An effort is underway to protest the decision of the University of St. Andrews to fail to make permanent the contract of a philosopher on a fixed term appointment who has done an extraordinary amount of work for the university over the past three years.
Dr. Kerr’s contract is set to end at the end of June, 2021. The university has declared that they will not be transfering her to a standard contract and intend to let her go—despite the apparent absence of a “clear objective justification” for doing so and the university’s plans to make sure the work she has done in her post continues to be done (by others, who reportedly do not have central research interests in gender studies).
Alison Duncan Kerr has been continuously employed by the University of St. Andrews since 2017. In 2018, she obtained a 3-year research fellowship in order to establish the St Andrews Institute of Gender Studies (StAIGS) and a new Gender Studies MLitt program. It appears that in many ways she went above and beyond what was expected in her position, not just in regard to the development of the new institute and program, but also in teaching, research, and service.
In response to the university’s plans, colleagues and students of Dr. Kerr have published an open letter (currently accepting additional signatories) and created a website (and Twitter account) to advocate for her. The letter, an accompanying fact page, and some commentary on the strategic goals of the university, make clear how outrageous the university’s decision seems, given the expectations with which it hires people into positions like Dr. Kerr’s.

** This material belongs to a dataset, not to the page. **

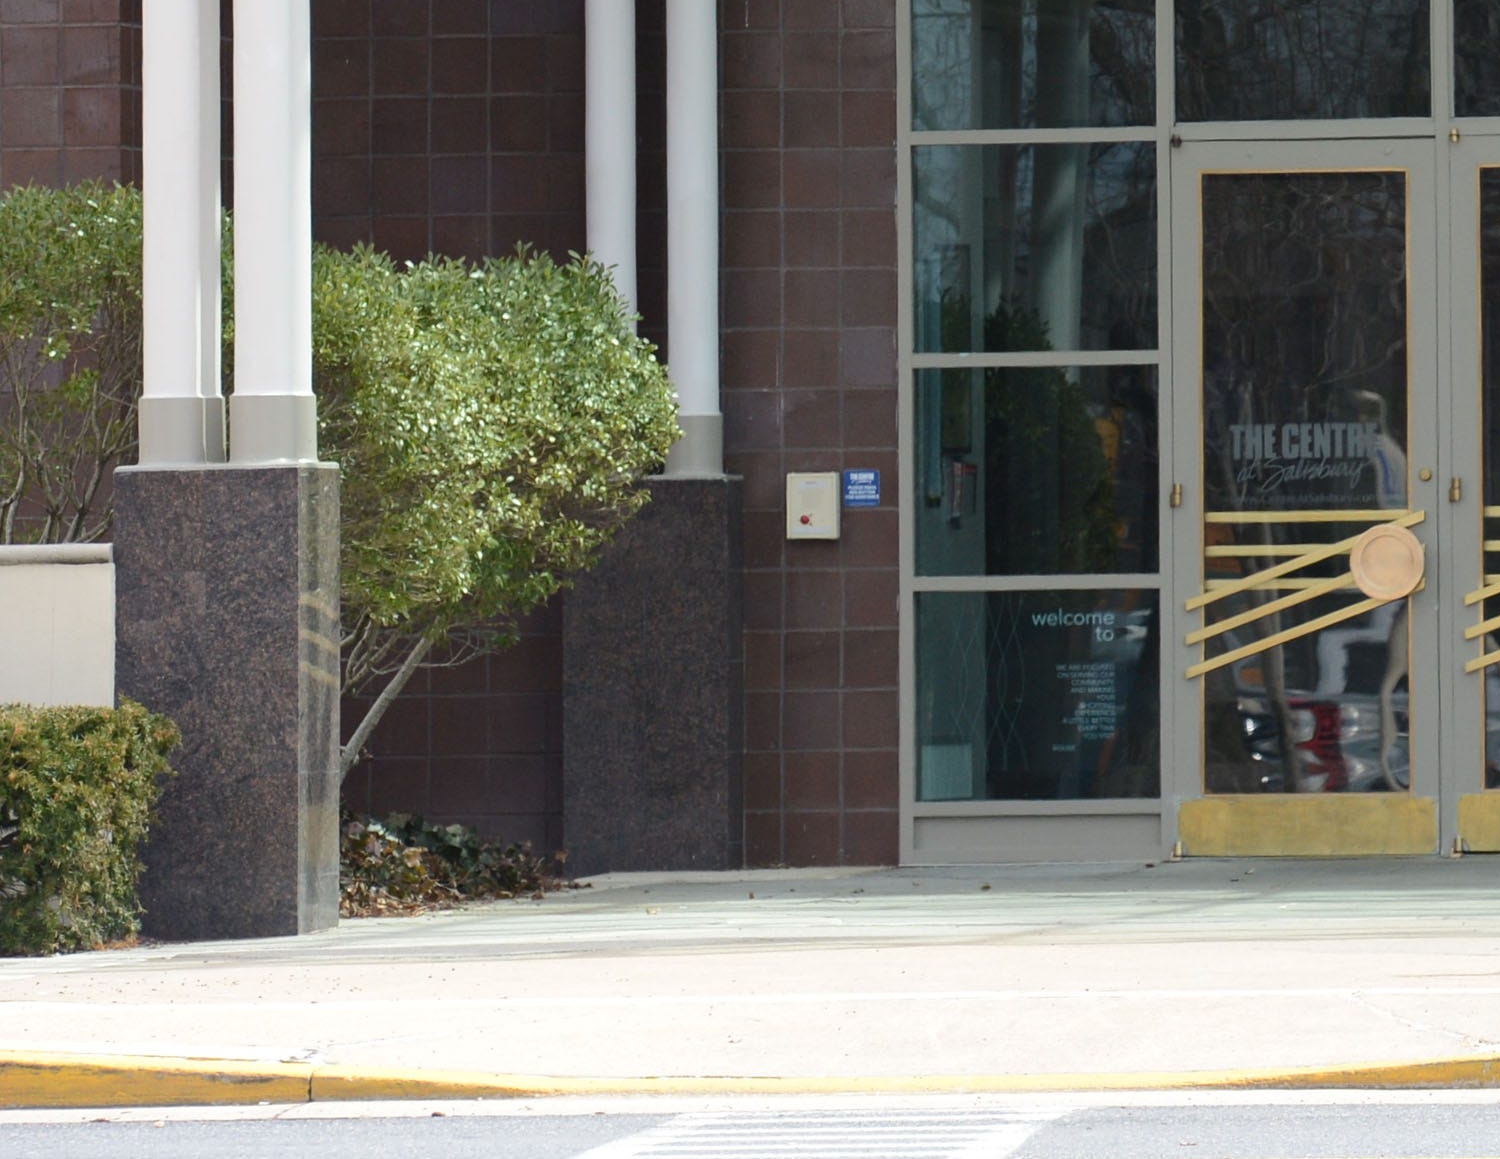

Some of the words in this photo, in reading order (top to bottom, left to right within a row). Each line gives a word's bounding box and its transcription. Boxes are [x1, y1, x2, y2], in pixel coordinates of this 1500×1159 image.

The University of St. Andrews policy on fixed term appointments says that those hired into such temporary positions should have the expectation that after three years of service, “they will normally be provided with confirmation that their post is to be made standard unless clear objective justification applies, or their post is not being renewed at this point” and that they should “not be selected for redundancy or be unfairly dismissed if the principal reason for the selection was because of their fixed term status.”